:: Your instructions ::
What you output must match the entries exactly, apart from the pictures, which are left out.

:: Data for analysis ::
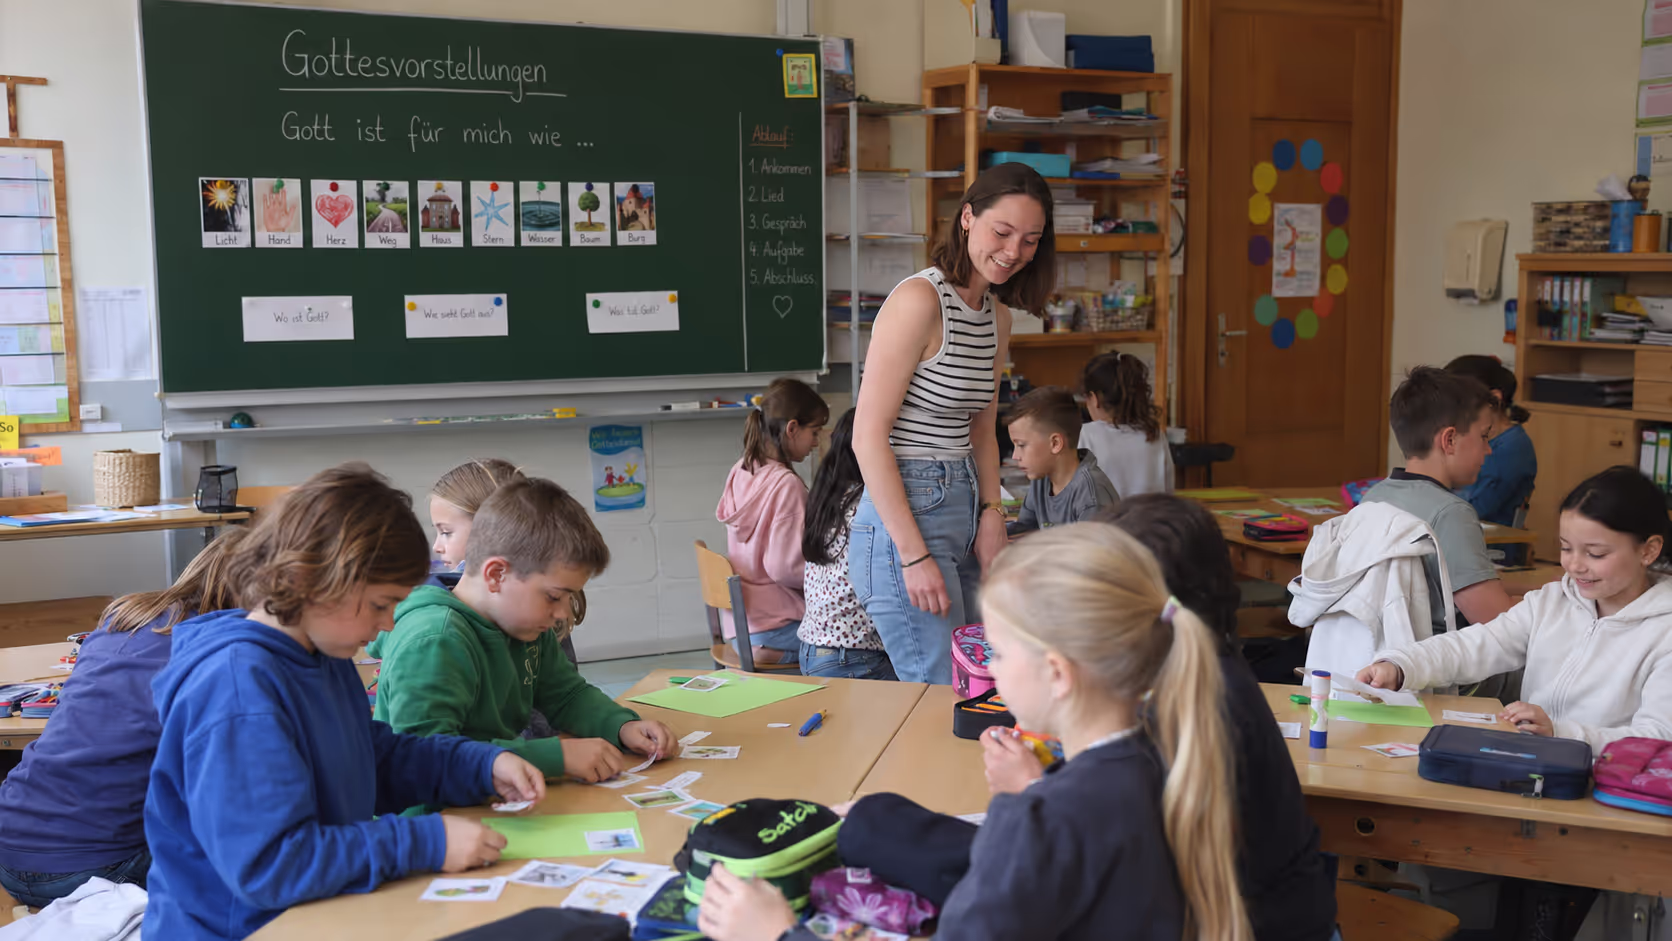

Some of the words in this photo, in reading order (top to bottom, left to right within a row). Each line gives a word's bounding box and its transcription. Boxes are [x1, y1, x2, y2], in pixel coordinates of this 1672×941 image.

[282, 29, 547, 103] Gottesvorstellungen
[281, 110, 336, 142] Gott
[356, 114, 387, 142] ist
[407, 115, 444, 152] für
[463, 115, 512, 145] mich
[528, 125, 562, 147] wie
[748, 157, 758, 174] 1.
[760, 157, 812, 175] Ankommen
[748, 186, 759, 202] 2.
[761, 185, 785, 203] Lied
[748, 213, 759, 230] 3.
[762, 213, 807, 236] Gespräch
[215, 234, 238, 246] Licht
[268, 234, 291, 245] Hand
[326, 234, 347, 245] Herz
[378, 235, 398, 248] Weg
[482, 234, 504, 245] Stern
[627, 233, 646, 245] Burg
[749, 241, 760, 257] 4.
[763, 240, 805, 265] Aufgabe
[750, 269, 761, 285] 5.
[274, 312, 288, 323] Wo
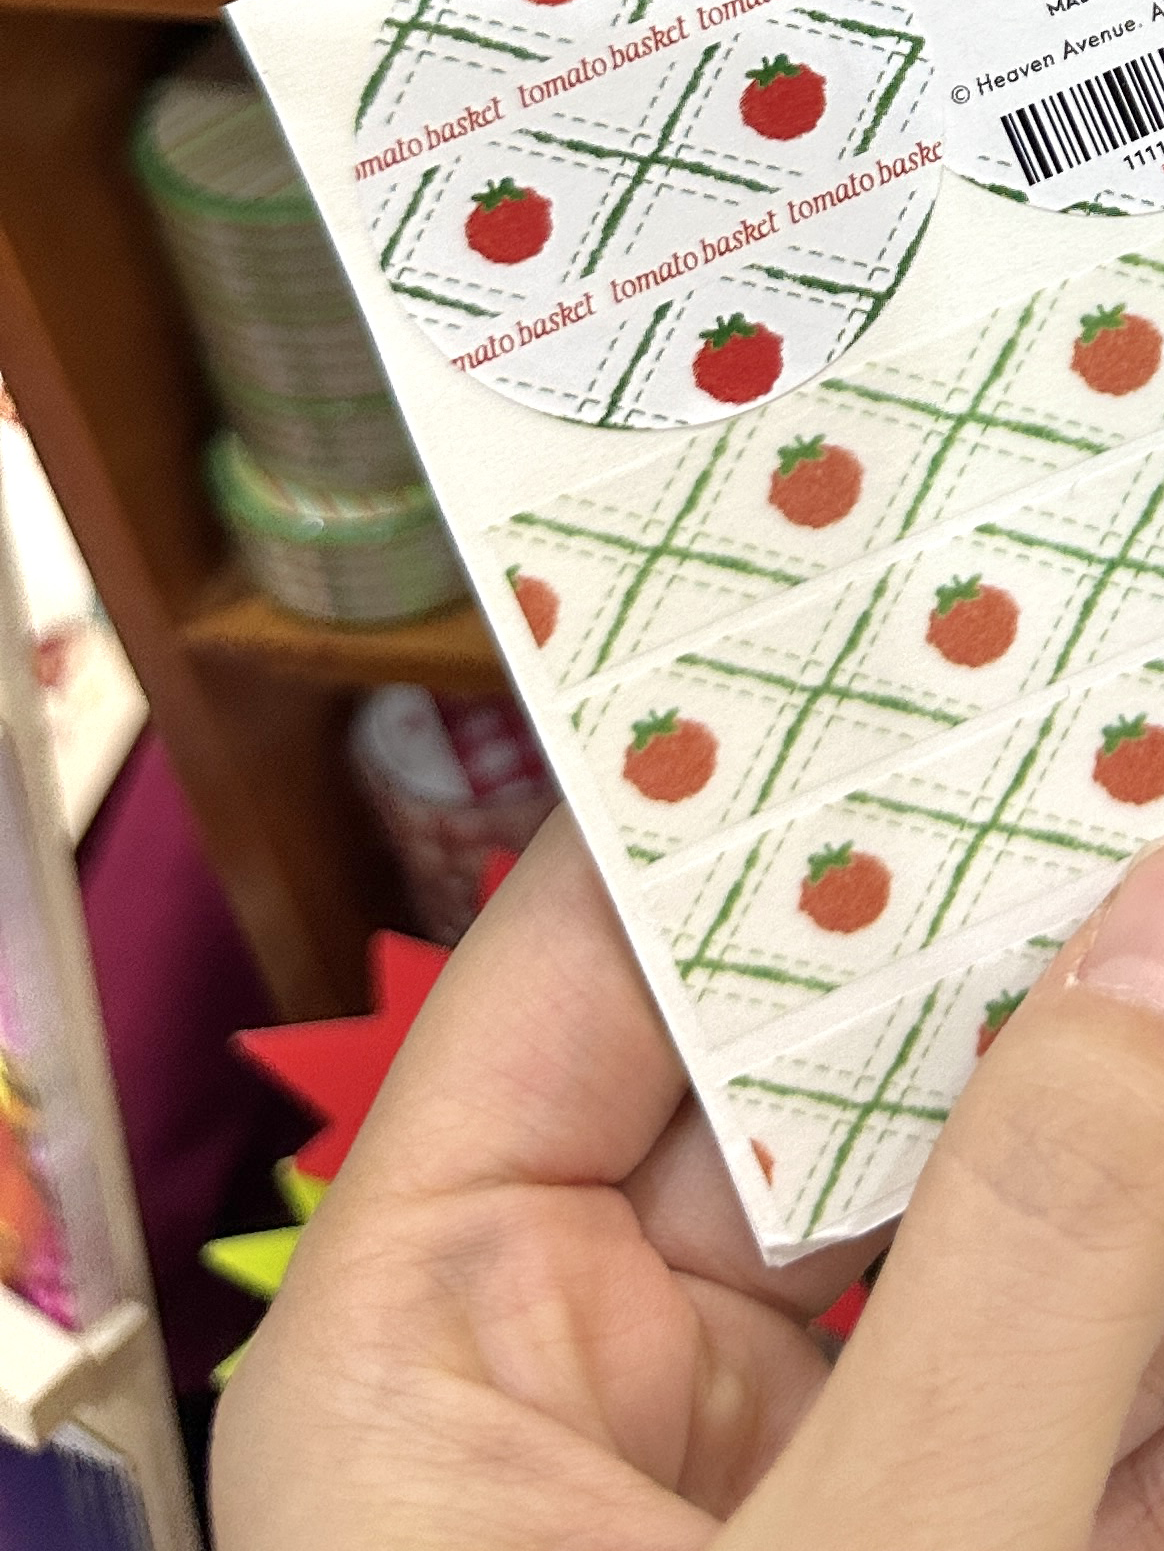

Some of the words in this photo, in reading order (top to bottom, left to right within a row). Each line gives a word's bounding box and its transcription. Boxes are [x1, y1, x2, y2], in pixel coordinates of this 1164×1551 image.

[354, 137, 423, 181] mato
[423, 97, 506, 151] basket
[516, 55, 607, 109] tomato
[610, 20, 691, 71] basket
[975, 53, 1055, 97] Heaven
[1062, 19, 1143, 58] Avenue.
[515, 292, 597, 347] basket
[610, 249, 698, 304] tomato
[700, 210, 781, 264] basket
[787, 173, 875, 224] tomato
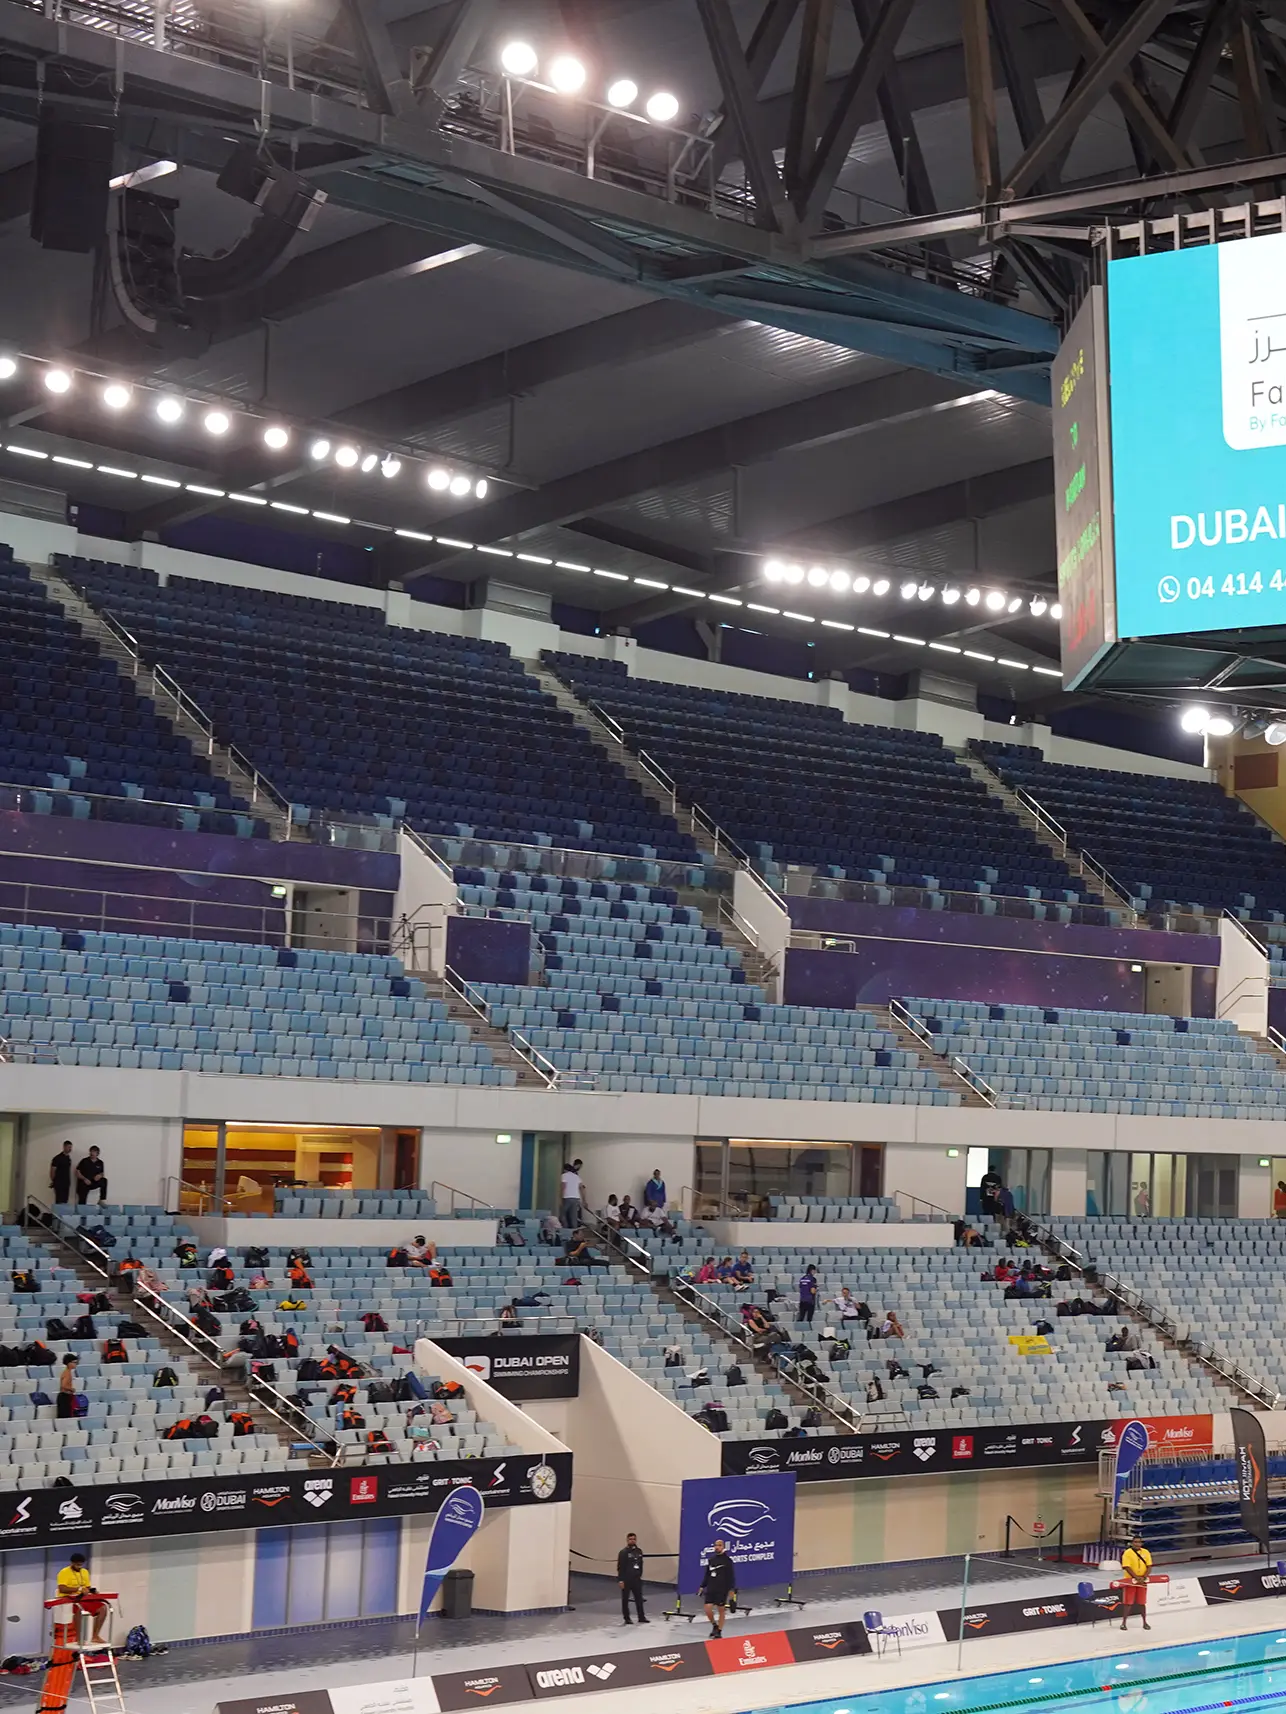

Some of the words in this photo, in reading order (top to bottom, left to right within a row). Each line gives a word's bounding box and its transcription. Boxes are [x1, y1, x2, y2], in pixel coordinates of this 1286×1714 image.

[1249, 417, 1267, 431] By
[1170, 504, 1286, 549] DUBAI
[1187, 576, 1215, 600] 04
[1221, 571, 1264, 596] 414
[494, 1357, 533, 1368] DUBAI
[535, 1355, 569, 1366] OPEN
[914, 1437, 936, 1447] arena
[840, 1449, 864, 1459] DUBAI
[253, 1486, 290, 1495] HAMILTON
[304, 1479, 333, 1491] arena
[216, 1494, 247, 1506] DUBAI
[749, 1552, 775, 1561] COMPLEX
[813, 1631, 842, 1641] HAMILTON
[650, 1652, 682, 1664] HAMILTON
[738, 1656, 768, 1667] Emirates
[464, 1676, 499, 1688] HAMILTON
[536, 1665, 585, 1689] arena
[256, 1702, 297, 1714] HAMILTON

:: Written response ::
Some of the words in this photo, in reading order (top to bottom, left to right within a row). Each line gives a word's bounding box and its transcription. Boxes are [x1, y1, x2, y2], in pixel coordinates of this 1672×941 image.

[282, 29, 547, 103] Gottesvorstellungen
[281, 110, 336, 142] Gott
[356, 114, 387, 142] ist
[407, 115, 444, 152] für
[463, 115, 512, 145] mich
[528, 125, 562, 147] wie
[748, 157, 758, 174] 1.
[760, 157, 812, 175] Ankommen
[748, 186, 759, 202] 2.
[761, 185, 785, 203] Lied
[748, 213, 759, 230] 3.
[762, 213, 807, 236] Gespräch
[215, 234, 238, 246] Licht
[268, 234, 291, 245] Hand
[326, 234, 347, 245] Herz
[378, 235, 398, 248] Weg
[482, 234, 504, 245] Stern
[627, 233, 646, 245] Burg
[749, 241, 760, 257] 4.
[763, 240, 805, 265] Aufgabe
[750, 269, 761, 285] 5.
[274, 312, 288, 323] Wo

Some of the words in this photo, in reading order (top to bottom, left to right within a row). Each line gives a word's bounding box and its transcription. Boxes are [x1, y1, x2, y2], in pixel coordinates of this 1164×1551 image.

[354, 137, 423, 181] mato
[423, 97, 506, 151] basket
[516, 55, 607, 109] tomato
[610, 20, 691, 71] basket
[975, 53, 1055, 97] Heaven
[1062, 19, 1143, 58] Avenue.
[515, 292, 597, 347] basket
[610, 249, 698, 304] tomato
[700, 210, 781, 264] basket
[787, 173, 875, 224] tomato

Some of the words in this photo, in reading order (top to bottom, left to right within a row). Each line gives a word's bounding box and its transcription. Boxes are [x1, y1, x2, y2], in pixel coordinates of this 1286×1714 image.

[1249, 417, 1267, 431] By
[1170, 504, 1286, 549] DUBAI
[1187, 576, 1215, 600] 04
[1221, 571, 1264, 596] 414
[494, 1357, 533, 1368] DUBAI
[535, 1355, 569, 1366] OPEN
[914, 1437, 936, 1447] arena
[840, 1449, 864, 1459] DUBAI
[253, 1486, 290, 1495] HAMILTON
[304, 1479, 333, 1491] arena
[216, 1494, 247, 1506] DUBAI
[749, 1552, 775, 1561] COMPLEX
[813, 1631, 842, 1641] HAMILTON
[650, 1652, 682, 1664] HAMILTON
[738, 1656, 768, 1667] Emirates
[464, 1676, 499, 1688] HAMILTON
[536, 1665, 585, 1689] arena
[256, 1702, 297, 1714] HAMILTON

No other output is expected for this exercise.